_Problem to solve:_ The required output is the line that contains "Some of the words" through the last line of the data, retyped verbatim and with nothing added.

_Data to examine:_
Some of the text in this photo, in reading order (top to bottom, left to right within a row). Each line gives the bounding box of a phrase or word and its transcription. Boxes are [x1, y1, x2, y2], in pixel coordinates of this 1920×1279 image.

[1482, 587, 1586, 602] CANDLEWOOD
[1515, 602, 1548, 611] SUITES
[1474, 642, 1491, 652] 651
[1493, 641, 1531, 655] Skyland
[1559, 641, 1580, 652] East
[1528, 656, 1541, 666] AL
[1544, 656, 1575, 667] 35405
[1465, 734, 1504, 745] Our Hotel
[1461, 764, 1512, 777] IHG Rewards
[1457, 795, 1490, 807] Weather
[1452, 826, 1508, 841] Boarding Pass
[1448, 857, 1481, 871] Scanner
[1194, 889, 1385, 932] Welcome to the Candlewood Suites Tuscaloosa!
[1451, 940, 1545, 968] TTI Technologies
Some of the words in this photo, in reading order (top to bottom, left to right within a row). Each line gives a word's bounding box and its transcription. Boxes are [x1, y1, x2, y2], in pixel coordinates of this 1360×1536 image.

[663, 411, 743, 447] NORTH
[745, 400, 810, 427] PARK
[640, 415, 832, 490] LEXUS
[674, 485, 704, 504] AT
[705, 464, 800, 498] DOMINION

_Reply to the exercise:_
Some of the words in this photo, in reading order (top to bottom, left to right within a row). Each line gives a word's bounding box and its transcription. Boxes are [x1, y1, x2, y2], in pixel coordinates of this 1360×1536 image.

[663, 411, 743, 447] NORTH
[745, 400, 810, 427] PARK
[640, 415, 832, 490] LEXUS
[674, 485, 704, 504] AT
[705, 464, 800, 498] DOMINION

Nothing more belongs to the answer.